● REQUIRED ACTION: Since pictures do not belong in the copy, please repeat every record below exactly without them.

★ ★ ★ ★ ★ ★ ★

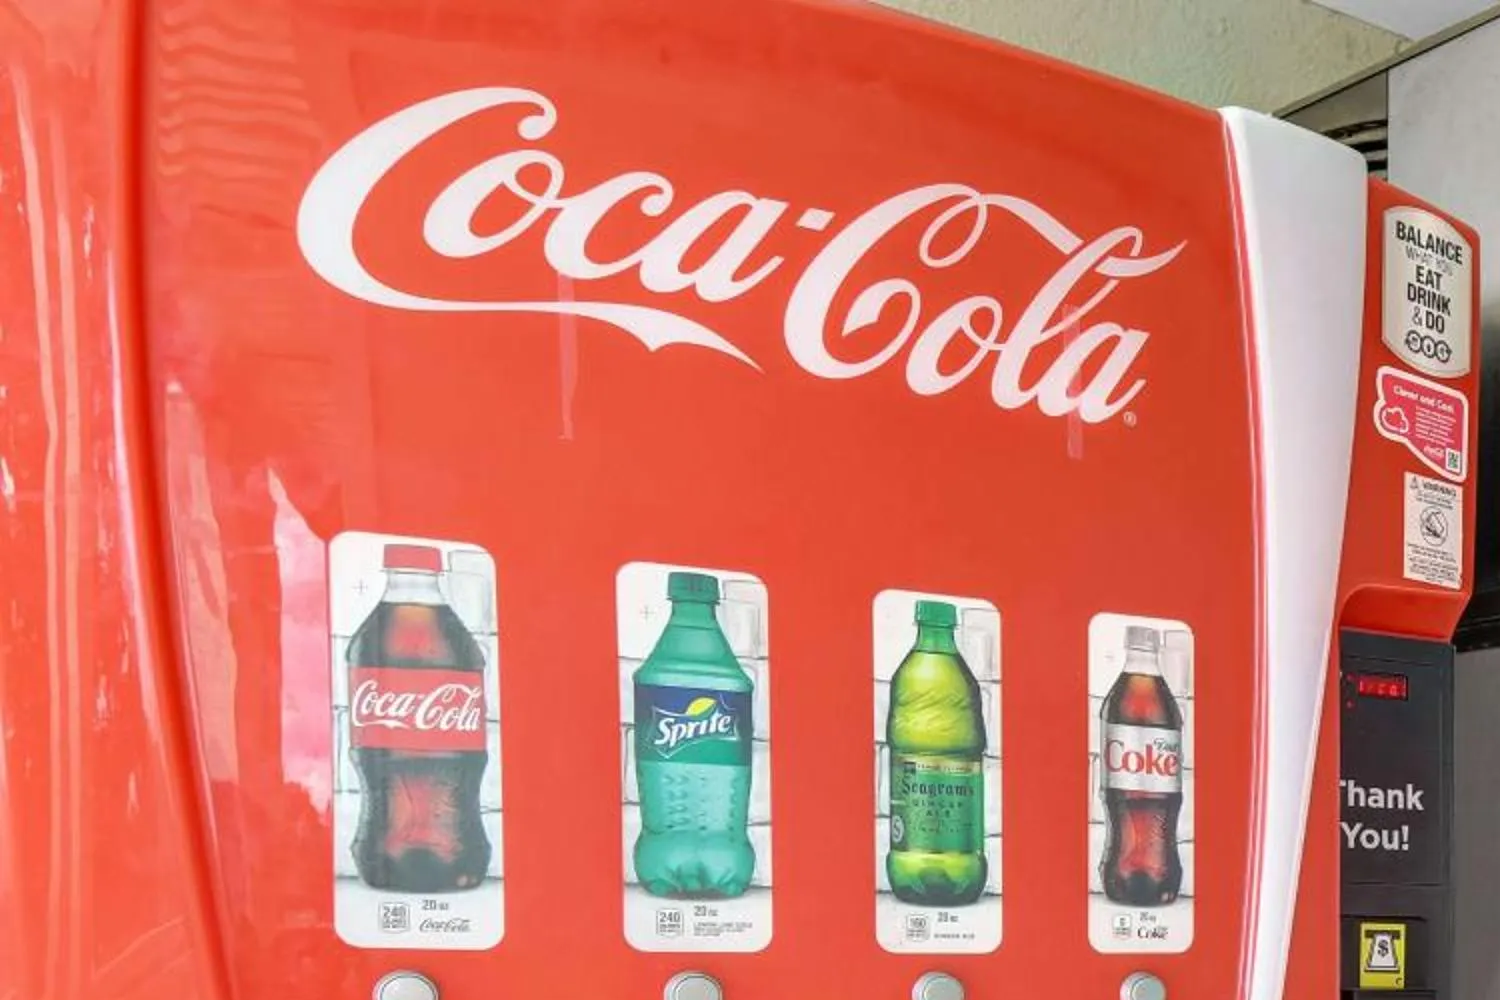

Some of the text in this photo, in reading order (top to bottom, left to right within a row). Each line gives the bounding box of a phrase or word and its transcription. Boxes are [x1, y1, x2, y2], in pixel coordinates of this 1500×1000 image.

[297, 87, 1186, 424] Coca-Cola
[1396, 221, 1462, 264] BALANCE
[1416, 265, 1442, 291] EAT
[1408, 283, 1451, 316] DRINK
[1412, 307, 1444, 334] & DO
[351, 679, 482, 732] Coca-Cola
[654, 713, 731, 748] Sprite
[1104, 740, 1177, 776] Coke
[1339, 821, 1409, 850] You!
[659, 912, 681, 923] 240
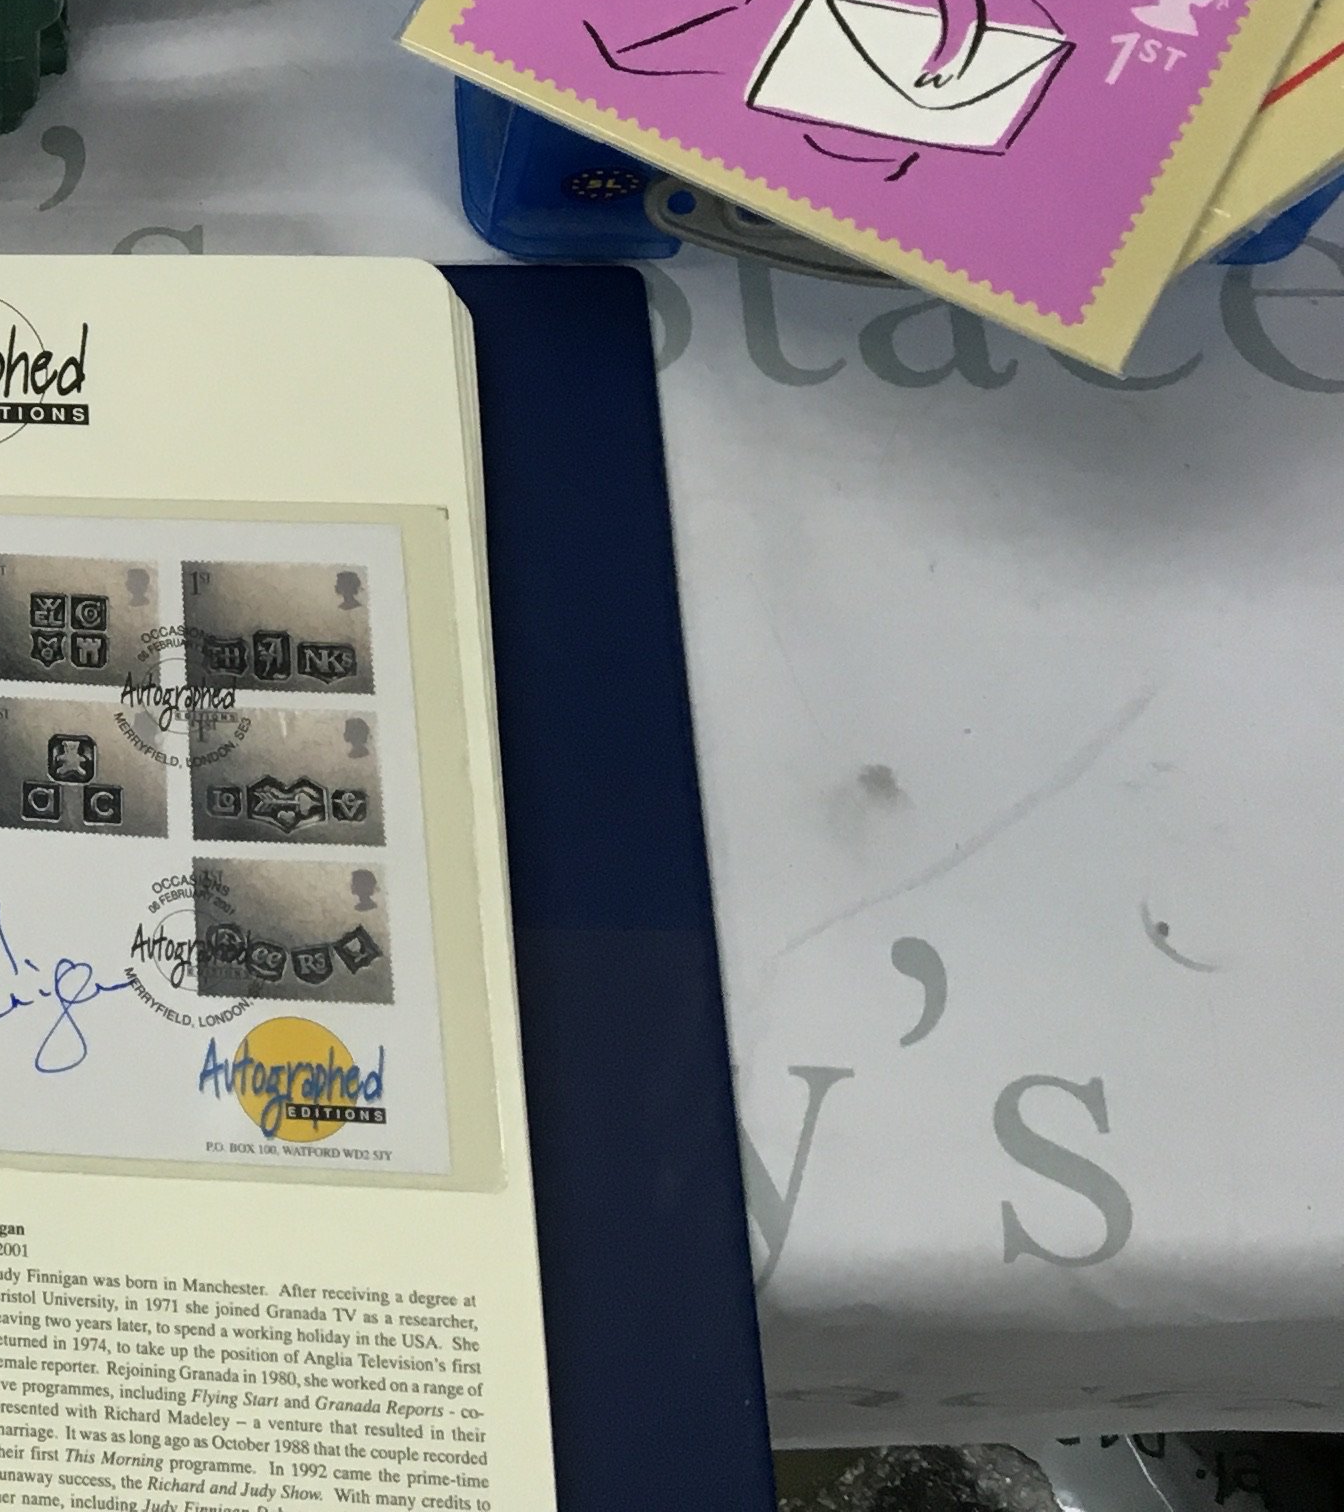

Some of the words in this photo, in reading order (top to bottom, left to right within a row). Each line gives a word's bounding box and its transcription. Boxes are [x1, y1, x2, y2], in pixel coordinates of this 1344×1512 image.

[1106, 30, 1188, 85] 1ST
[120, 671, 237, 732] Autographed
[198, 1036, 386, 1139] Autographed
[287, 1105, 386, 1122] EDITIONS
[229, 1142, 255, 1154] BOX
[282, 1146, 341, 1158] WATFORD
[342, 1148, 370, 1160] WD2
[26, 1267, 89, 1290] Finnigan
[92, 1275, 122, 1289] was
[124, 1273, 159, 1291] born
[163, 1276, 178, 1292] in
[182, 1277, 269, 1297] Manchester.
[278, 1282, 318, 1299] After
[321, 1286, 391, 1308] receiving
[394, 1292, 404, 1304] a
[408, 1289, 458, 1310] degree
[463, 1295, 477, 1309] at
[41, 1290, 119, 1313] University,
[124, 1295, 139, 1312] in
[144, 1296, 179, 1314] 1971
[184, 1299, 210, 1315] she
[214, 1300, 261, 1321] joined
[265, 1303, 328, 1322] Granada
[331, 1306, 357, 1323] TV
[362, 1312, 379, 1325] as
[384, 1314, 394, 1326] a
[398, 1313, 479, 1333] researcher,

★ ★ ★ ★ ★ ★ ★

● EXERCISE SOLUTION:
Some of the text in this photo, in reading order (top to bottom, left to right within a row). Each line gives the bounding box of a phrase or word and its transcription. Boxes are [x1, y1, x2, y2], in pixel coordinates of this 1500×1000 image.

[297, 87, 1186, 424] Coca-Cola
[1396, 221, 1462, 264] BALANCE
[1416, 265, 1442, 291] EAT
[1408, 283, 1451, 316] DRINK
[1412, 307, 1444, 334] & DO
[351, 679, 482, 732] Coca-Cola
[654, 713, 731, 748] Sprite
[1104, 740, 1177, 776] Coke
[1339, 821, 1409, 850] You!
[659, 912, 681, 923] 240

Some of the words in this photo, in reading order (top to bottom, left to right within a row). Each line gives a word's bounding box and its transcription. Boxes are [x1, y1, x2, y2], in pixel coordinates of this 1344×1512 image.

[1106, 30, 1188, 85] 1ST
[120, 671, 237, 732] Autographed
[198, 1036, 386, 1139] Autographed
[287, 1105, 386, 1122] EDITIONS
[229, 1142, 255, 1154] BOX
[282, 1146, 341, 1158] WATFORD
[342, 1148, 370, 1160] WD2
[26, 1267, 89, 1290] Finnigan
[92, 1275, 122, 1289] was
[124, 1273, 159, 1291] born
[163, 1276, 178, 1292] in
[182, 1277, 269, 1297] Manchester.
[278, 1282, 318, 1299] After
[321, 1286, 391, 1308] receiving
[394, 1292, 404, 1304] a
[408, 1289, 458, 1310] degree
[463, 1295, 477, 1309] at
[41, 1290, 119, 1313] University,
[124, 1295, 139, 1312] in
[144, 1296, 179, 1314] 1971
[184, 1299, 210, 1315] she
[214, 1300, 261, 1321] joined
[265, 1303, 328, 1322] Granada
[331, 1306, 357, 1323] TV
[362, 1312, 379, 1325] as
[384, 1314, 394, 1326] a
[398, 1313, 479, 1333] researcher,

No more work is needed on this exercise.